This paper analyzes and compares the opinions of Plato and Aristotle about the crimes of passion, particularly in the case of murders caused by anger in response to an outrage (hubris). The act of hubris was certainly the most serious form of injustice which a citizen could encounter, an intolerable crime, which would compromise his raison d’être as a member of the community of men. For this reason Attic law considered it in certain cases—like rape and adultery—legitimate for the victim or his relatives to kill the perpetrator of the outrage. The opinions of Plato and Aristotle concerning the moral and juridical gravity of outrages concur, just as they both approve of the legitimacy of certain killings in response to such crimes. Their appreciation of anger however is very different and bears witness to a radical disagreement. For Plato the violence of anger is above all a danger for collective life and should be eliminated, while Aristotle gives more room for justification and for psychological satisfaction. The famous speech of Lysias On the Murder of Eratosthenes, which precisely treats the issue of a killing provoked by an outrage, illustrates that Aristotle shows more insight into the esprit des lois of his time than Plato.

This article was published in French in Viano, 2011 “Théorie Éthique et Pratique Judiciaire: Passions et Délits Passionnels Chez Platon, Aristote et Lysias,” 101–121. I want to thank Liesbeth Huppes-Cluysenaer and Peter Langford for the English translation and the Journal Mètis for giving me the permission to publish the article in English as a chapter of this volume.
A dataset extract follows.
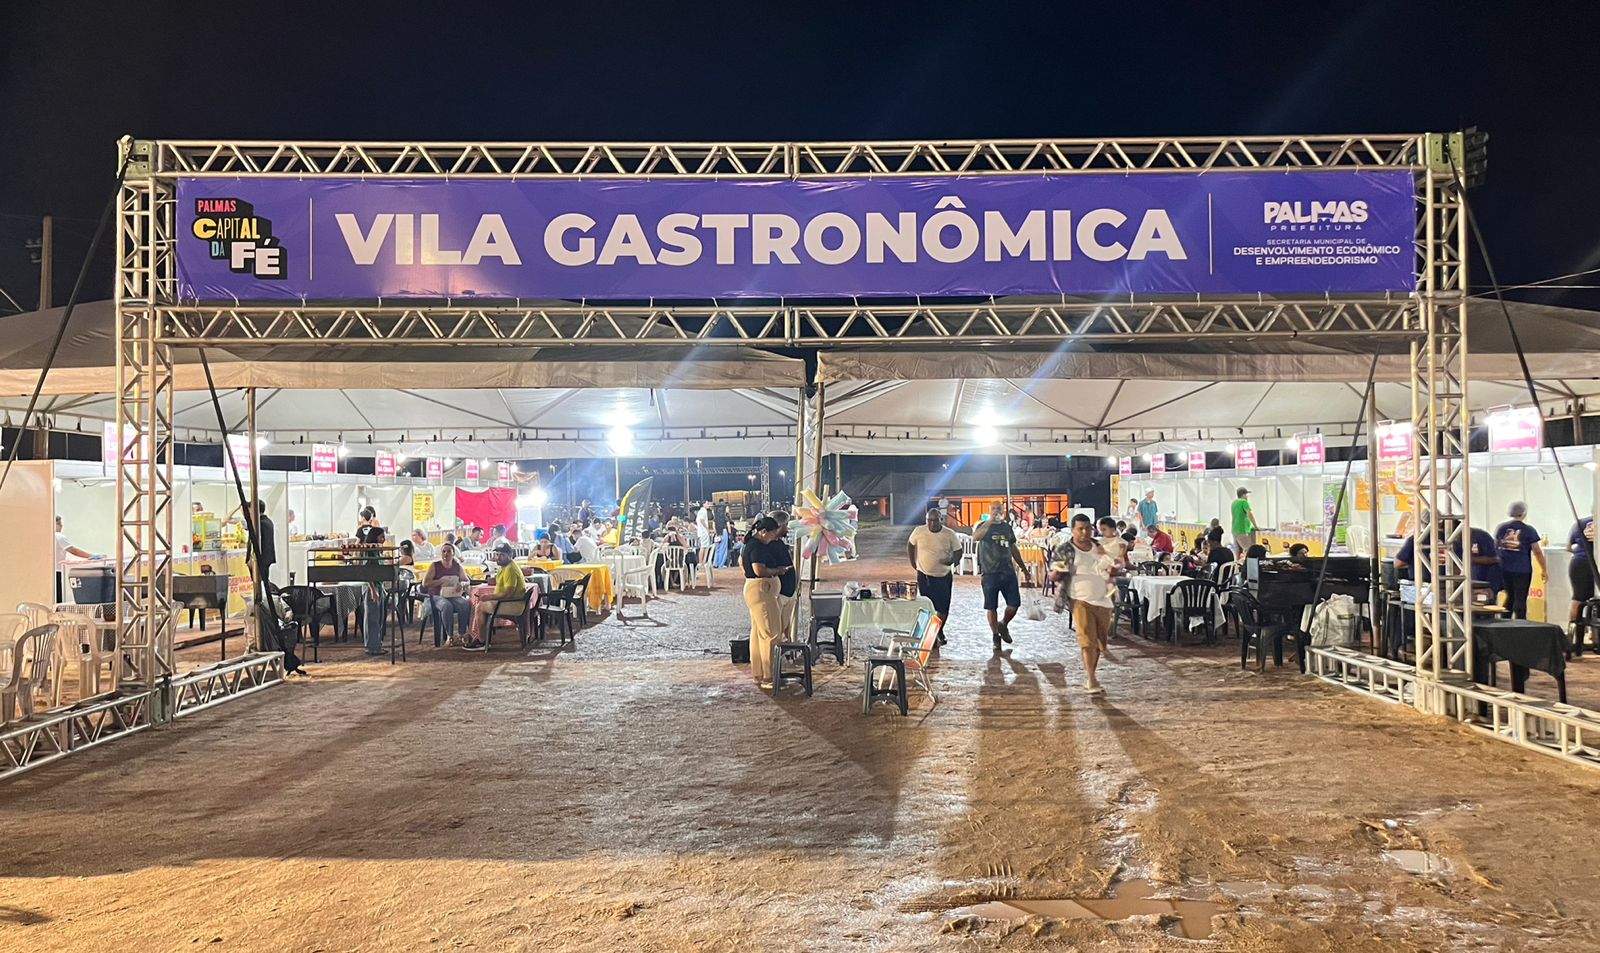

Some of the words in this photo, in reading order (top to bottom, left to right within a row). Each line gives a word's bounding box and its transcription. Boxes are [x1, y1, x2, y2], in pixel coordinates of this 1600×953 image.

This research started in October 2005, during my stay at the Center for Advanced Studies in Humanities of Edinburgh, which I have to thank for its cordial hospitality. Different versions of this text have already been presented: in 2005 at Rethimnon, on the occasion of the colloquium “Emotions over Time” and in 2006 at São Paulo, during the colloquium “Ação e responsabilidade moral em Aristóteles”. I want to thank especially David Konstan, Jocelyne Wilhelm and Marco Zingano for their remarks.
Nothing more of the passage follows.